### [Given records]
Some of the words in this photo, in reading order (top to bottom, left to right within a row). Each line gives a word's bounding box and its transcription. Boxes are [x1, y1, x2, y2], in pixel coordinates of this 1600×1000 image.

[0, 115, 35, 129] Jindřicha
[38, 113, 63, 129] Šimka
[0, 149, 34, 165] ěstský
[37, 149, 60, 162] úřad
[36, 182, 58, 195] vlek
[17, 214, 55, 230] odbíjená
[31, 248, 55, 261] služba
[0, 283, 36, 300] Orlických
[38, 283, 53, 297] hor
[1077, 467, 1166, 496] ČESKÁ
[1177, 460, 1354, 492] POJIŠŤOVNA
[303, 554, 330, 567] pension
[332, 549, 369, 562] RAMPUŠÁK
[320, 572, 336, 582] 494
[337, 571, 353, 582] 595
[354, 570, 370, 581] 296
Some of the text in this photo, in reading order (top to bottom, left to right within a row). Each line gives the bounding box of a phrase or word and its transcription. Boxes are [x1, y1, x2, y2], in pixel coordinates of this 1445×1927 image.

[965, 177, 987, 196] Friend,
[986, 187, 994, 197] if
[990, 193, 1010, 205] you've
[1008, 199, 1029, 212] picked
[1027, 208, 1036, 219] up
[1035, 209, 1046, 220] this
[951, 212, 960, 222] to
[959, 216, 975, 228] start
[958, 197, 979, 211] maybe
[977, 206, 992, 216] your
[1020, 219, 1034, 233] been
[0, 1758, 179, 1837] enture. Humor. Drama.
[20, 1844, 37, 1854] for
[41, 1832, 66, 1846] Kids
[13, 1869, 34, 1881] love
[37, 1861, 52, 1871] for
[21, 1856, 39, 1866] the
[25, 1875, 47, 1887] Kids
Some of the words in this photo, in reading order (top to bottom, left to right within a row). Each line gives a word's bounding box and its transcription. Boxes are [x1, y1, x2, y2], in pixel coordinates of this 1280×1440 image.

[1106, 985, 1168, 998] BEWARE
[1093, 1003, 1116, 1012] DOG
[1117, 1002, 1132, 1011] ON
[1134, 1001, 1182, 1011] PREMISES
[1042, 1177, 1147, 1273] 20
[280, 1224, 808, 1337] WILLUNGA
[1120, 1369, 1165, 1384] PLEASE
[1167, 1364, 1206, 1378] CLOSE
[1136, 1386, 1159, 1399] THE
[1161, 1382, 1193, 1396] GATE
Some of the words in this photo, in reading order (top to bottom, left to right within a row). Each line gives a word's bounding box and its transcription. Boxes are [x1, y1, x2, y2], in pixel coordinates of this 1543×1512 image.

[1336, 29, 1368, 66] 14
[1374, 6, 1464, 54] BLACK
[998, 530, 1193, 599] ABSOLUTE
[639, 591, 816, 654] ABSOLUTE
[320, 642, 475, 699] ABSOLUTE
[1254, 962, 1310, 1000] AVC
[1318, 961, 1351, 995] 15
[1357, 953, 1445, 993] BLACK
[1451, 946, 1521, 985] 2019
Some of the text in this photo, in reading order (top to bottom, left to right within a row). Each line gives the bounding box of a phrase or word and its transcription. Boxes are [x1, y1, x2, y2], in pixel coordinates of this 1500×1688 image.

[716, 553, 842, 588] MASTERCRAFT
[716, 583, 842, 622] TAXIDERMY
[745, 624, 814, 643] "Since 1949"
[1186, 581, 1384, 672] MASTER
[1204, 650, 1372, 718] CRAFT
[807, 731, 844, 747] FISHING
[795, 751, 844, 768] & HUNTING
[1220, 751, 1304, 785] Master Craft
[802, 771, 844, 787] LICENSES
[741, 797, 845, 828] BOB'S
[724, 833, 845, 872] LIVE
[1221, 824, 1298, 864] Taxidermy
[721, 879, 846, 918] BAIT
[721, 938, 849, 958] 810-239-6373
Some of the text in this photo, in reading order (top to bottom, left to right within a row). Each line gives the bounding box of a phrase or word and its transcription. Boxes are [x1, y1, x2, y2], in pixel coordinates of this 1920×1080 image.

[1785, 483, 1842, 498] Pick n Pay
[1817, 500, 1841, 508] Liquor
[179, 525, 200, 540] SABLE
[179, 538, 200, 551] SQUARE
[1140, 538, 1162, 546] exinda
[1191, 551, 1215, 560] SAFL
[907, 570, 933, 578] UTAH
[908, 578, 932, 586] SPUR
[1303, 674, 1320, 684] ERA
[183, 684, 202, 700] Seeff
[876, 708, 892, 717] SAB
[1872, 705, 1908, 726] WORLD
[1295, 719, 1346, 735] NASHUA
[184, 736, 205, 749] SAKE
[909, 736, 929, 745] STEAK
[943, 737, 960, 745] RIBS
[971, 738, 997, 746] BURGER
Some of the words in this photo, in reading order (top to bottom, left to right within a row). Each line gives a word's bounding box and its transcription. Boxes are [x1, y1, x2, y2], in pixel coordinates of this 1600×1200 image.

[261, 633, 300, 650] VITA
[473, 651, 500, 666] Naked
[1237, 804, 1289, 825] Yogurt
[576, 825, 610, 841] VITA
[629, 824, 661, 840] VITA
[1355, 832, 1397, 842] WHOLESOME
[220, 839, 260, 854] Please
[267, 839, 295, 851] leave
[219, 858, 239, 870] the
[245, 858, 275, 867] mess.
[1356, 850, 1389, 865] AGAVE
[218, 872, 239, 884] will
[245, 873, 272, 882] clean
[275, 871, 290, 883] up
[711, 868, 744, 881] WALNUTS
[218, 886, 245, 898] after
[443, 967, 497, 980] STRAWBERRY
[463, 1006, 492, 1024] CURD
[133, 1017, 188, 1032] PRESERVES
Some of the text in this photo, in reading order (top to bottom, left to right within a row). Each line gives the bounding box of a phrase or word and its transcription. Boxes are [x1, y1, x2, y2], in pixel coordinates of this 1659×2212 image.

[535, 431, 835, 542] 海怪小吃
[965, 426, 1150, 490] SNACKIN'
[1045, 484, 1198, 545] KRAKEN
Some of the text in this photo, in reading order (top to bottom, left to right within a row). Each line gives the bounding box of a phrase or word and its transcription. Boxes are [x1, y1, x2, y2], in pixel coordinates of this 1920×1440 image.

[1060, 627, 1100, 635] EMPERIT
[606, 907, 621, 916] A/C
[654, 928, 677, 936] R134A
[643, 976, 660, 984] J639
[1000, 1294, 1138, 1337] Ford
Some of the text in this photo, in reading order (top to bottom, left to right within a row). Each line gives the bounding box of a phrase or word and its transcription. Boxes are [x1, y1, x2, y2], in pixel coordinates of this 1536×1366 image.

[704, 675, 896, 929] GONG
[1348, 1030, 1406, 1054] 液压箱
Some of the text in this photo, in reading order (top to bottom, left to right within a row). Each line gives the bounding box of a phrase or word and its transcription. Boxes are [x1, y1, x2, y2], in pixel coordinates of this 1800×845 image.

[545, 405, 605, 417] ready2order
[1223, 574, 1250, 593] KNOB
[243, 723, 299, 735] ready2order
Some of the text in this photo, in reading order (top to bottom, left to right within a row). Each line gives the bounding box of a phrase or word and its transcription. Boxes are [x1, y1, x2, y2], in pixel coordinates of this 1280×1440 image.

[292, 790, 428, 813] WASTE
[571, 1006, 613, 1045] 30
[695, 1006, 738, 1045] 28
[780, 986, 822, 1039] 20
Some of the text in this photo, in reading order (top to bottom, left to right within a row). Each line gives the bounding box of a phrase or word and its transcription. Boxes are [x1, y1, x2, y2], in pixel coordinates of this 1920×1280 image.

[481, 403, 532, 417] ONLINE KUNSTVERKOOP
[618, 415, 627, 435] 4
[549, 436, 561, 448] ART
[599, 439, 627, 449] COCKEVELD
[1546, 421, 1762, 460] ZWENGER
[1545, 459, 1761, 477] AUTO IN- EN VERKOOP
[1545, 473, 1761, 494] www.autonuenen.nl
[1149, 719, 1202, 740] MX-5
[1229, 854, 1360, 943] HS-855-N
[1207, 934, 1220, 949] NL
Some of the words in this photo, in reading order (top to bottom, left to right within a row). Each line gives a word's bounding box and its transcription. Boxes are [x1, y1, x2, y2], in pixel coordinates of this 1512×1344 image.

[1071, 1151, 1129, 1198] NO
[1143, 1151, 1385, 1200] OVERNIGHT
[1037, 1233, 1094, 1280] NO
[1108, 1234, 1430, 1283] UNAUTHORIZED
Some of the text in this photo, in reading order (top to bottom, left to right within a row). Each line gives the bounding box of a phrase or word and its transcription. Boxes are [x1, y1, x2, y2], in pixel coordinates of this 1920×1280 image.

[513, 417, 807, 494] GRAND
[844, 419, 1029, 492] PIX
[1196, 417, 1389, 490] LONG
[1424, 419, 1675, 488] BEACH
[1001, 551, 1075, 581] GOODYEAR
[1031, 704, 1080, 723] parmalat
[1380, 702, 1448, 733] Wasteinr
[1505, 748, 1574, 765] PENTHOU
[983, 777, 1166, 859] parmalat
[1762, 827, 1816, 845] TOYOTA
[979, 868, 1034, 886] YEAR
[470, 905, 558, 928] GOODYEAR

### [What is being asked]
The lines you need run from the one containing "this 1512×1344 image." to the end of the listing. Output exactly those, both ends included.

### [Problem solution]
Some of the words in this photo, in reading order (top to bottom, left to right within a row). Each line gives a word's bounding box and its transcription. Boxes are [x1, y1, x2, y2], in pixel coordinates of this 1512×1344 image.

[1071, 1151, 1129, 1198] NO
[1143, 1151, 1385, 1200] OVERNIGHT
[1037, 1233, 1094, 1280] NO
[1108, 1234, 1430, 1283] UNAUTHORIZED
Some of the text in this photo, in reading order (top to bottom, left to right within a row). Each line gives the bounding box of a phrase or word and its transcription. Boxes are [x1, y1, x2, y2], in pixel coordinates of this 1920×1280 image.

[513, 417, 807, 494] GRAND
[844, 419, 1029, 492] PIX
[1196, 417, 1389, 490] LONG
[1424, 419, 1675, 488] BEACH
[1001, 551, 1075, 581] GOODYEAR
[1031, 704, 1080, 723] parmalat
[1380, 702, 1448, 733] Wasteinr
[1505, 748, 1574, 765] PENTHOU
[983, 777, 1166, 859] parmalat
[1762, 827, 1816, 845] TOYOTA
[979, 868, 1034, 886] YEAR
[470, 905, 558, 928] GOODYEAR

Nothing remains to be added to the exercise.